1. Competitive Search, Efficiency, and Multi-worker Firms. International Economic Review 54(1), Feb. 2013, 219-251.
    Published version. Older versions: March 2012 (accepted); September 2010 (incorporating dynamic model); first version: 2005.

    In competitive search where matching is between a single worker and a single job, a firm commits to the wage ex ante. Ex post, if it receives any applicants, it hires one and pays the promised wage. In this paper, I study wage posting when firms' production technology uses multiple workers but with decreasing returns to scale. A single promised wage must play two roles: it promises utility to workers who are hired but also affects how many applicants firms hire. In equilibrium, firms can post multiple wages to attract applicants (and more than two wages can be optimal).

  2. Search with multi-worker firms (with Daron Acemoglu). Theoretical Economics 9(3), Oct. 2014, 583-628.
    Published version. Older versions: May 2013 (accepted). First version: 2006. MATLAB code

    We generalize the standard random search model to the case where firms' production technology exhibits decreasing returns to labor. Wage determination is by bargaining over the marginal surplus, following Stole and Zwiebel. There are convex costs of posting more vacancies. Firms have a long-run target employment which is increasing in their idiosyncratic productivity, and grow to that target size over time. With productivity heterogeneity, the model is consistent with Zipf's and Gibrat's laws. It implies sluggish adjustment to aggregate shocks, as firm entry drives up wages.

  3. A Note on Wage Determination under Mismatch. Macroeconomic Dynamics, published online April 2014.
    Published version. Older versions: January 2014 (accepted); September 2011 version.

    Shimer's (2007, AER) mismatch model assumes competitive wages. I show how to allow for alternative wage determination mechanisms, such as the Shapley value. This gives an improvement  in microeconomic realism. The extra cyclical volatility of Shimer's model, relative to Mortensen-Pissarides, is almost all due to the wage determination assumption.

  4. Bargaining with Commitment between Workers and Large Firms. Review of Economic Dynamics, published online July 2014.
    Published version. Older versions: June 2014. First version: March 2010. Link to supplementary materials.

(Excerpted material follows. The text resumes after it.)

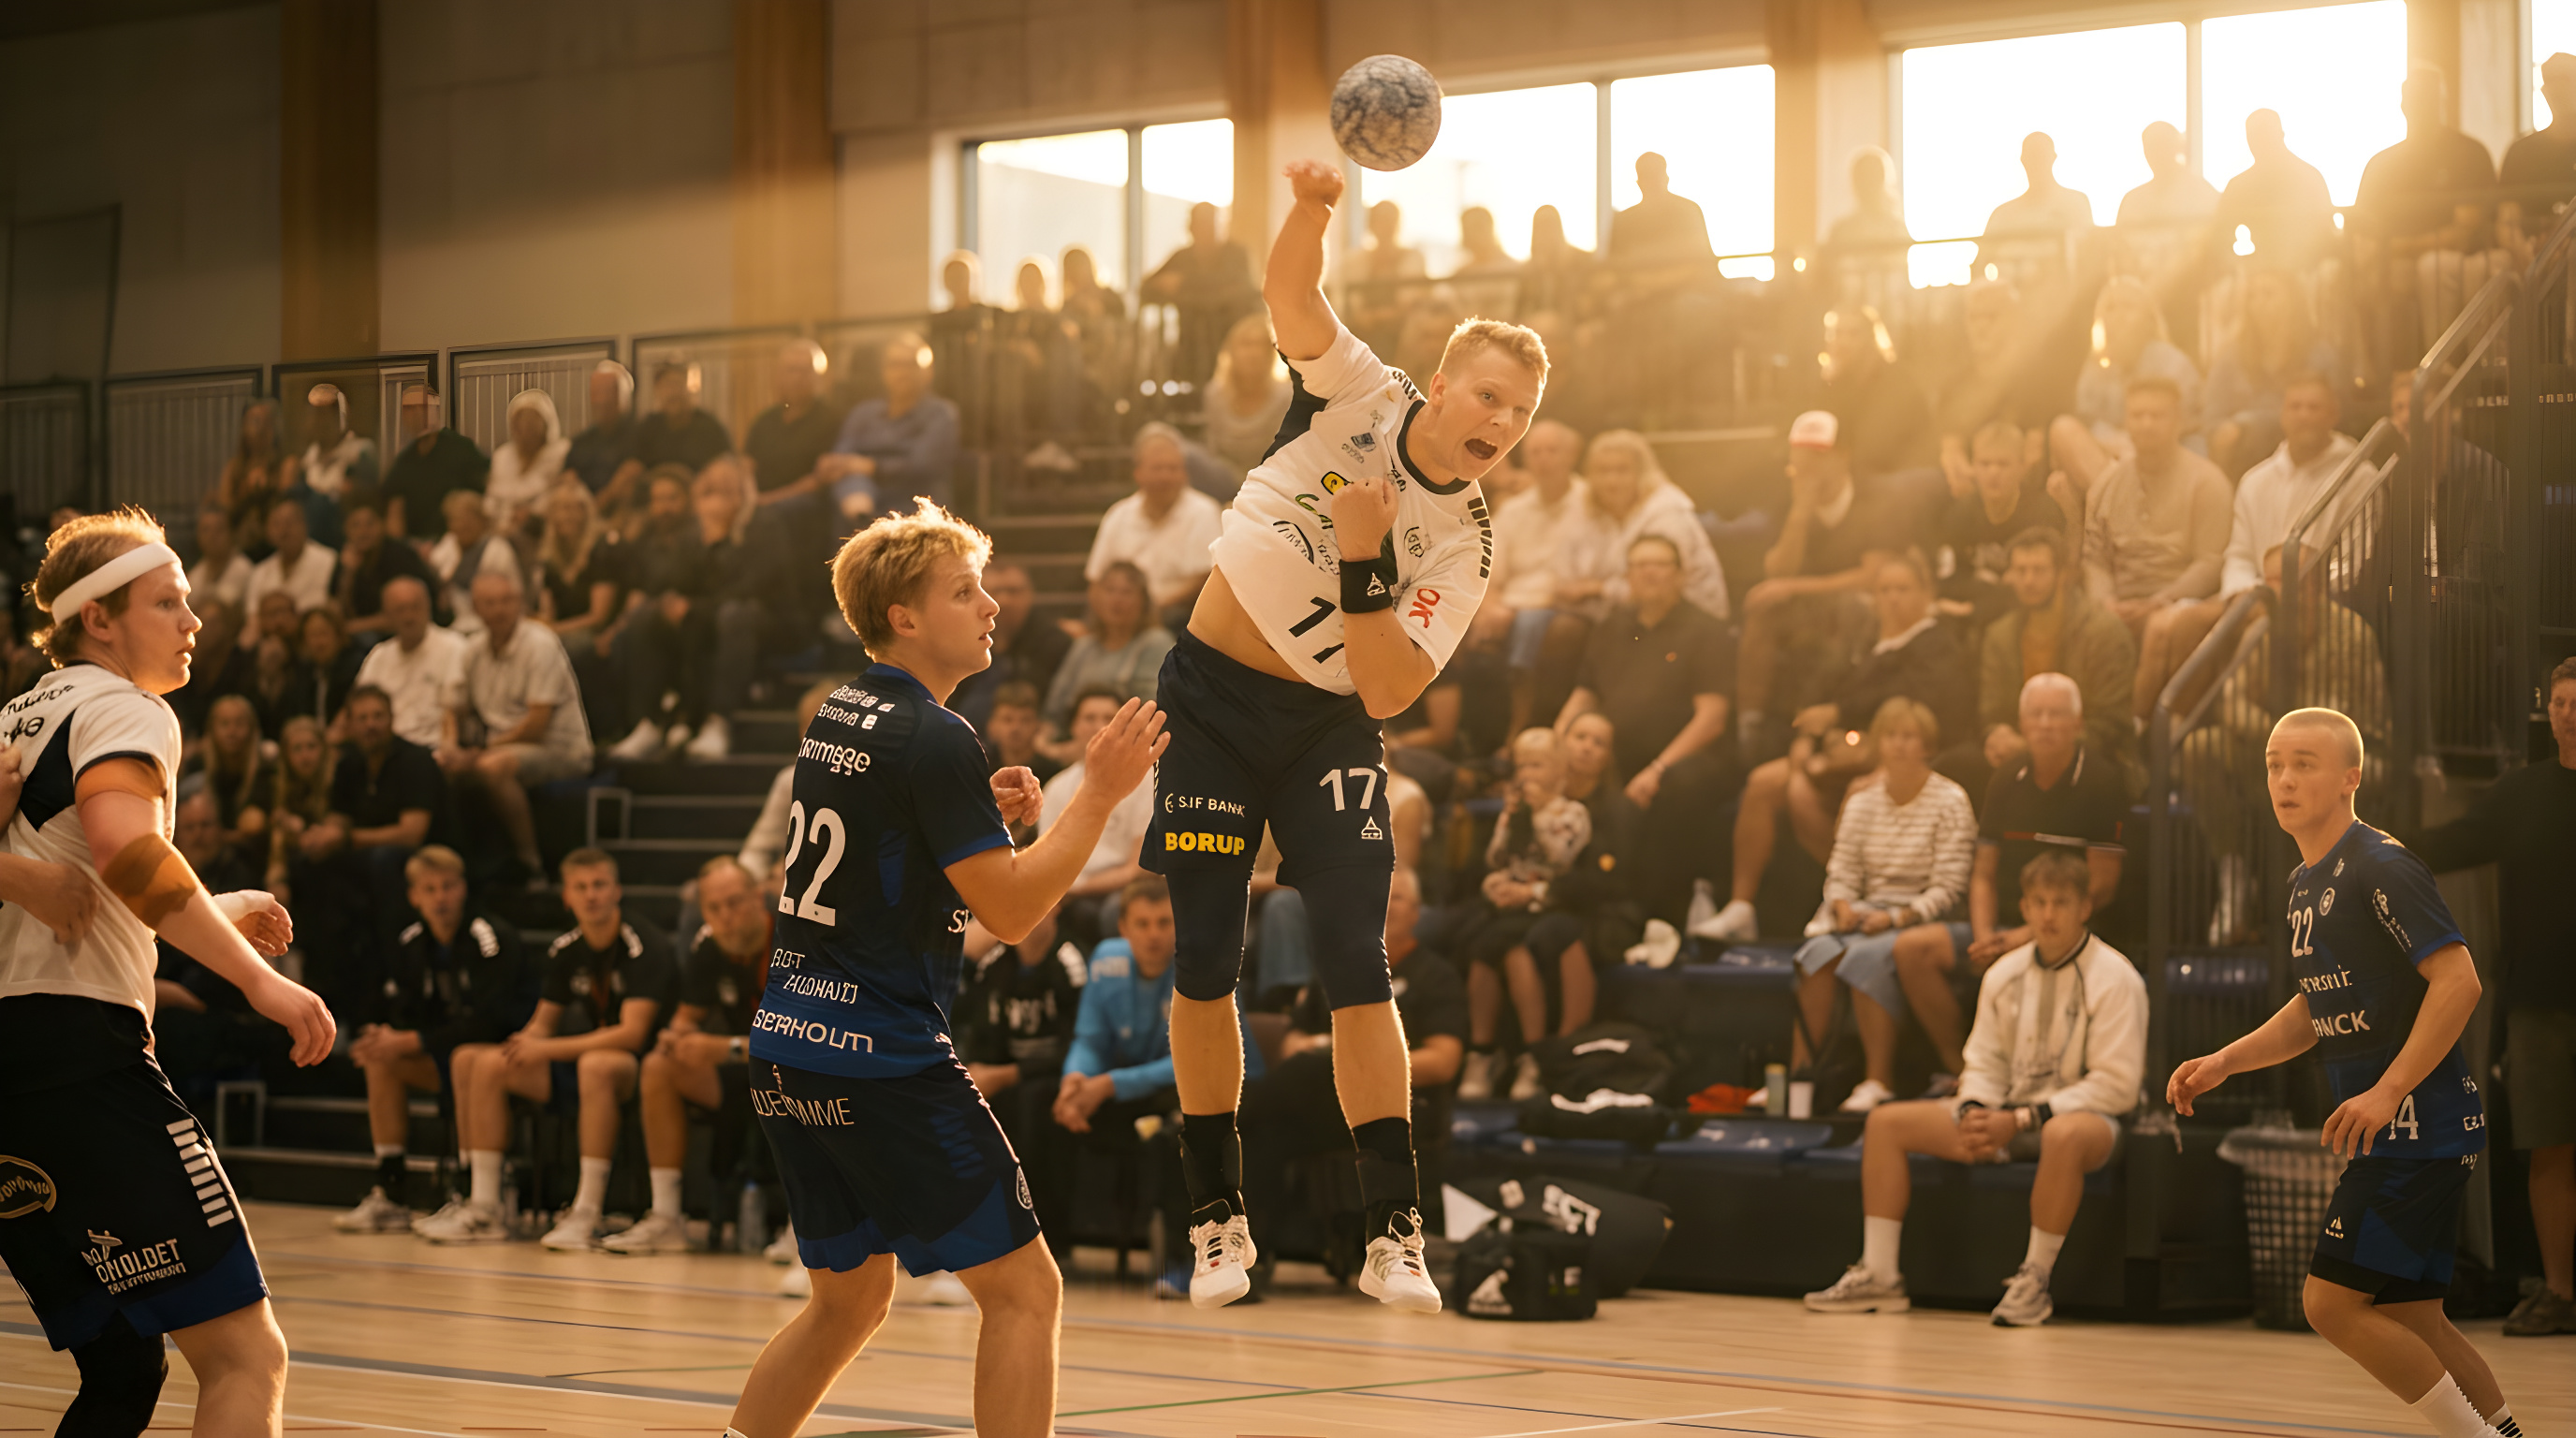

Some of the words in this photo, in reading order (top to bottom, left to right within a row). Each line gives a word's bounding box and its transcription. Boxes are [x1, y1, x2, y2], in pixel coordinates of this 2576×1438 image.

    Under decreasing returns to labor, if firms and workers bargain over wages, the equilibrium is inefficient: firms over-hire in order to drive down the wages they bargain with their workers. If instead firms and workers can sign long-term contracts, this inefficiency can be resolved. There can still be search inefficiencies if firms of different marginal values of hiring hire at the same time.

Working papers:

  1. Financial Frictions and Occupational Mobility (with Jose Mustre-del-Rio)

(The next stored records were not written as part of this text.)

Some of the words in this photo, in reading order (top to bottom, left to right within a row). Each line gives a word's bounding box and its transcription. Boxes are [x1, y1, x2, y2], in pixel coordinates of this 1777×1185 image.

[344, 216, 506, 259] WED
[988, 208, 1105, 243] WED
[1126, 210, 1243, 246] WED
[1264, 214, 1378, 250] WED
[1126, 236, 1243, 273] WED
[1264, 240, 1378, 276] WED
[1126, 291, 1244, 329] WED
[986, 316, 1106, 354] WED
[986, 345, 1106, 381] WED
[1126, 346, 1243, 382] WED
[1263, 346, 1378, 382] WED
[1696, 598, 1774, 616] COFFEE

    When there are no complete markets against occupational risk, worker occupational mobility is affected. There are large welfare costs of incomplete markets, not just from worse consumption smoothing but also because workers leave occupations in which they have specific human capital (in case things get worse), rather than waiting to see if the occupation recovers.

  2. Identifying the Nature of Bargaining between Workers and Large Firms

    If bargaining causes firms to over-hire, then policy to reduce excessive vacancy posting could improve welfare. However, distinguishing over-hiring may be impossible using labor market data alone. It is also necessary to look at how much firms spend on recruiting.

  3. Do Large-Firm Bargaining Models Amplify and Propagate Aggregate Productivity Shocks?

    The ability of a search and matching model to match the cross-sectional distribution and dynamics of employment has no implications for its cyclical properties, and specifically, for the cyclical volatility of unemployment and vacancies.

  4. Worker Flows under Mismatch

  5. The Joint Dynamics of Capital and Employment at the Plant Level (with Ryan Michaels and Jiyoon Oh)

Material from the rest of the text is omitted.